▶ _Problem_
Transcribe each entry exactly; skip the images.

▶ _Supplied information_

---*---

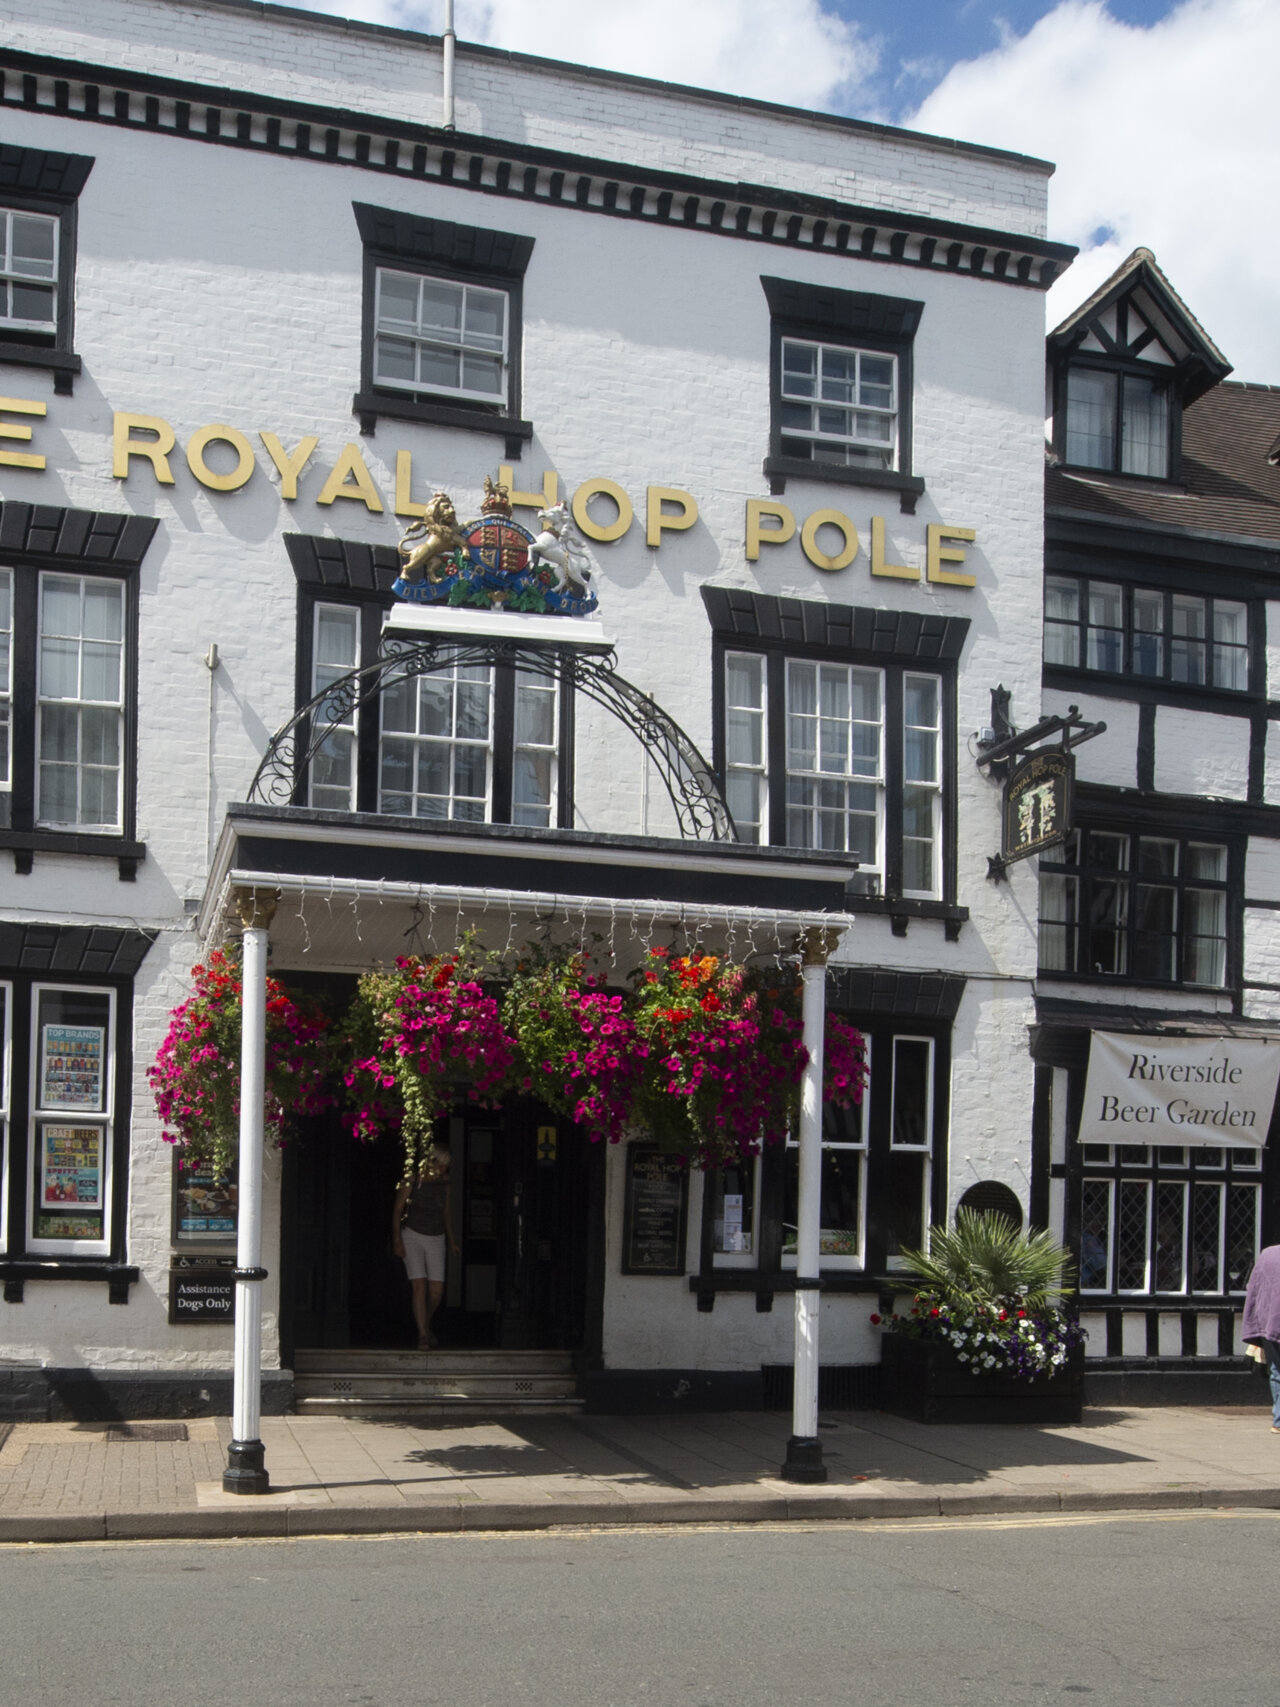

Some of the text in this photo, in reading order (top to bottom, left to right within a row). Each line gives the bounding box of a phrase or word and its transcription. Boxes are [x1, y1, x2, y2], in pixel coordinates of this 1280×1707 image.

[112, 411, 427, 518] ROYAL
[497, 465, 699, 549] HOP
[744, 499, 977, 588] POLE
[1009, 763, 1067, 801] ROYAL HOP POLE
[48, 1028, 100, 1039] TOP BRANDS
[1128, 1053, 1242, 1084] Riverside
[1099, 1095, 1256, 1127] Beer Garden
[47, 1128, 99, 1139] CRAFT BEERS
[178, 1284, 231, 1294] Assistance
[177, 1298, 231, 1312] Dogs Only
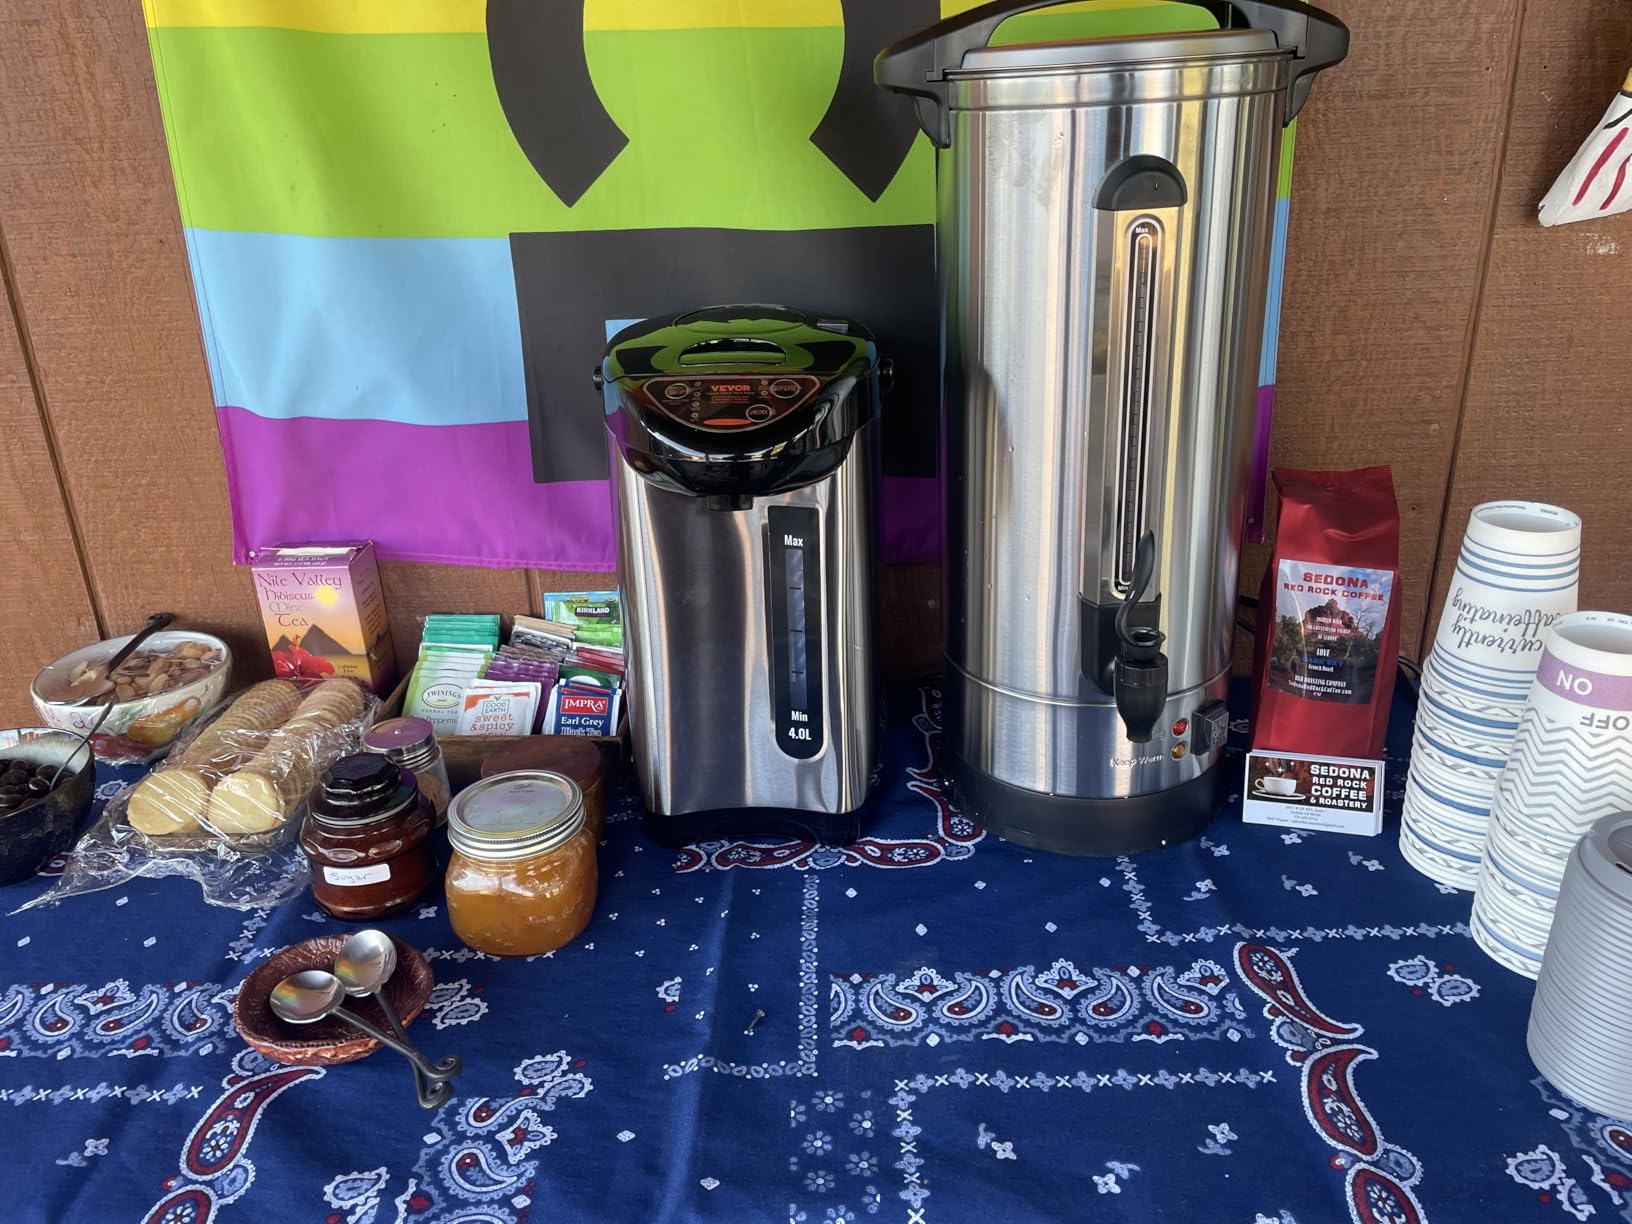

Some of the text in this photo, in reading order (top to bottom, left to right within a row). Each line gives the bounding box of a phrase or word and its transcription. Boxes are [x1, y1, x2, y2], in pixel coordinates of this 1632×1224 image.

---*---

▶ _Task response_
Some of the text in this photo, in reading order (top to bottom, left to right within a row). Each line gives the bounding box of a phrase or word and its transcription. Boxes are [x1, y1, x2, y2], in pixel coordinates of this 1280×1707 image.

[112, 411, 427, 518] ROYAL
[497, 465, 699, 549] HOP
[744, 499, 977, 588] POLE
[1009, 763, 1067, 801] ROYAL HOP POLE
[48, 1028, 100, 1039] TOP BRANDS
[1128, 1053, 1242, 1084] Riverside
[1099, 1095, 1256, 1127] Beer Garden
[47, 1128, 99, 1139] CRAFT BEERS
[178, 1284, 231, 1294] Assistance
[177, 1298, 231, 1312] Dogs Only

Some of the text in this photo, in reading order (top to bottom, left to right within a row). Each line gives the bounding box of a phrase or word and its transcription. Boxes are [x1, y1, x2, y2], in pixel coordinates of this 1632×1224 image.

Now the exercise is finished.